Endogenous galectins and effect of galectin hapten inhibitors on the differentiation of the chick mesonephros.

Abstract

Galectins are galactoside-binding lectins. In the mesonephros of the chick embryo, the 16-kDa galectin is abundant in the glomerular and tubular basement membranes where it colocalizes with fibronectin and laminin. To test whether galectin-glycoprotein interactions could play a role in mesonephric development, the effects of the galectin hapten inhibitors thiodigalactoside (TDG) and lactose on the differentiation of the cultured mesonephros were investigated. When compared to control saccharide-free or maltose-treated cultures, mesonephroi cultured in the presence of TDG and lactose exhibited defects in tissue organization. These included a distorted tubule shape, pseudo-stratification of the tubular epithelium, and detachment of glomerular podocytes from the basement membrane.
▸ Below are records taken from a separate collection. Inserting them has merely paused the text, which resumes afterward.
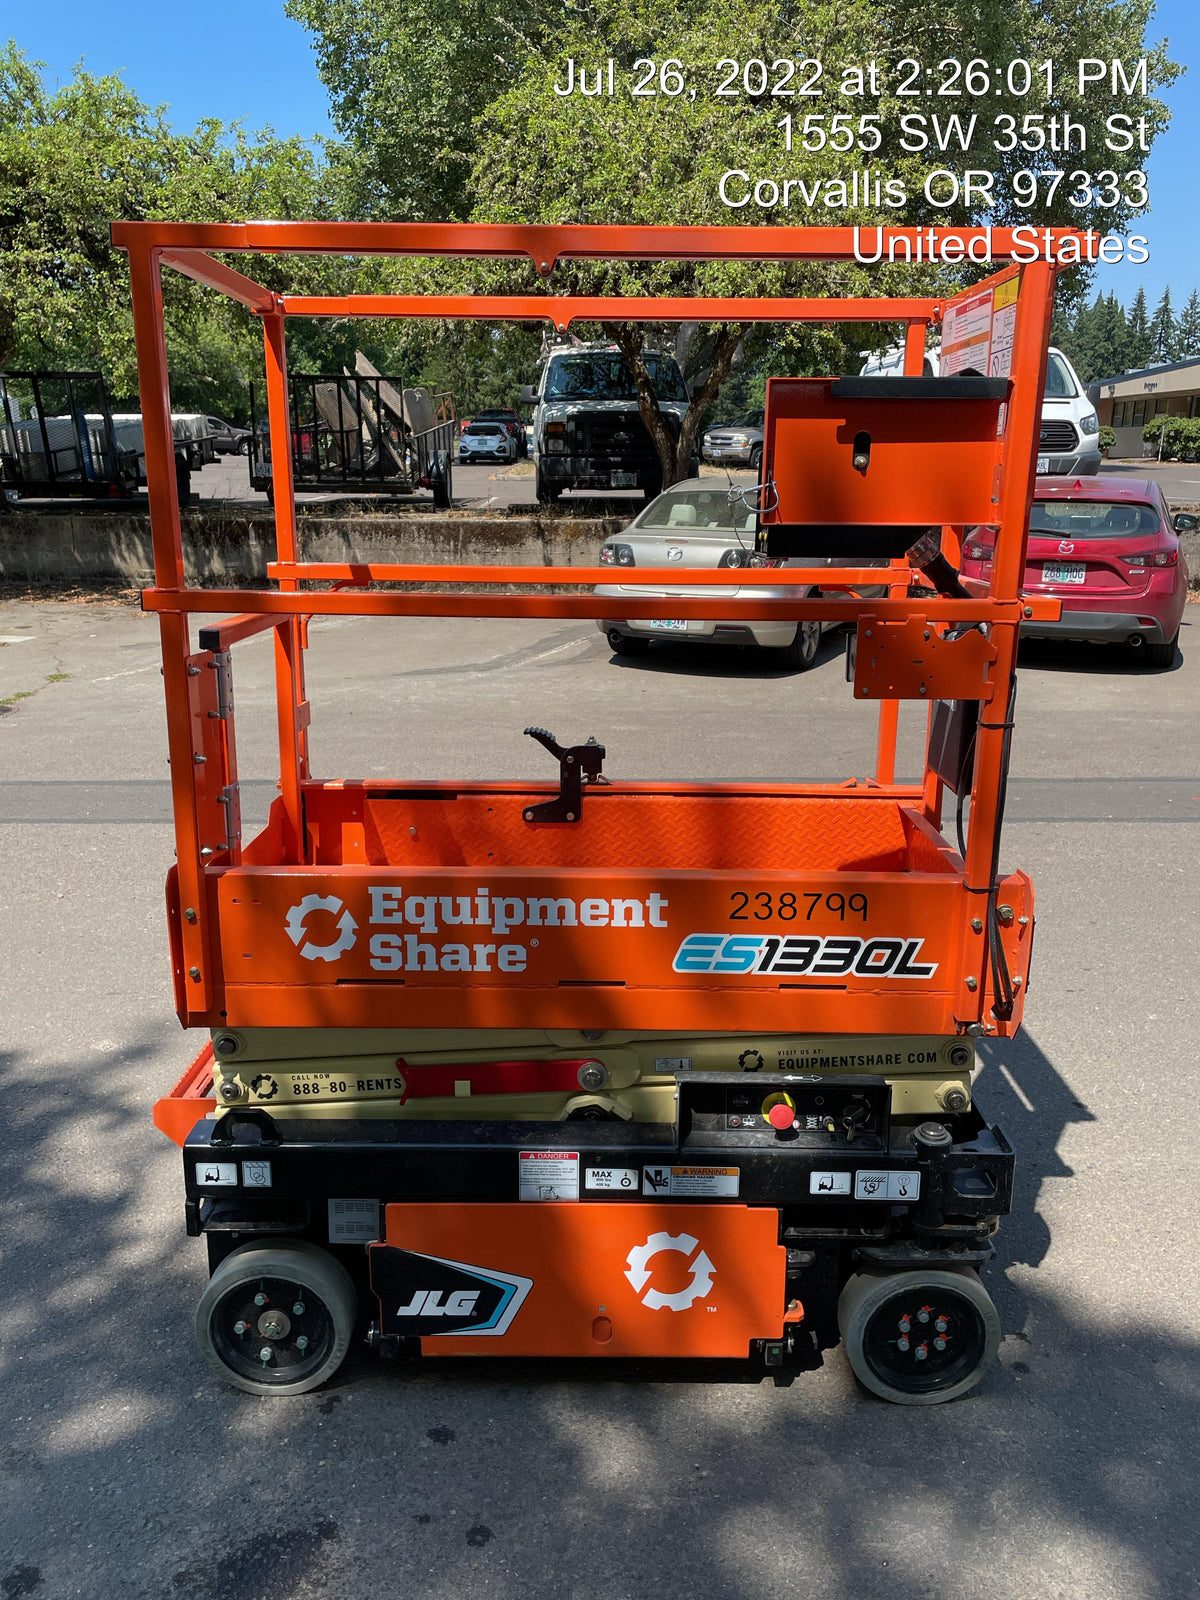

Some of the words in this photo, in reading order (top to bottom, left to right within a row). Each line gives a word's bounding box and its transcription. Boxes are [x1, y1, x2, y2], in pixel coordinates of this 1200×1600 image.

[368, 886, 669, 935] Equipment
[728, 891, 869, 921] 238799
[369, 933, 527, 972] Share
[673, 933, 939, 979] ES1330L
[293, 1078, 402, 1095] 888-80-RENTS
[591, 1170, 613, 1178] MAX
[690, 1168, 728, 1176] WARNING
[396, 1290, 481, 1316] JLG
The presence of molecular differentiation markers in the developing mesonephros was investigated. In vivo, expression of the epithelial-specific cell adhesion molecule E-cadherin is restricted to differentiated tubular epithelial cells, whereas the intermediate filament protein vimentin is present in mesonephrogenic mesenchyme and is undetectable in tubular epithelial cells. In mesonephroi cultured in the absence of sugars or in the presence of maltose, the expression pattern of these two marker molecules resembles that found in the mesonephros in vivo. In contrast, in the mesonephroi cultured in the presence of TDG and lactose, the epithelial tubular cells expressing E-cadherin also express vimentin. Re-expression of vimentin in the tubular epithelial cells could indicate a partial reversal to a mesenchymal phenotype. Results suggest that galectin-glycoprotein interactions in the basement membrane are important in the maintenance of the renal epithelial phenotype. Dev Dyn 1999;215:248-263.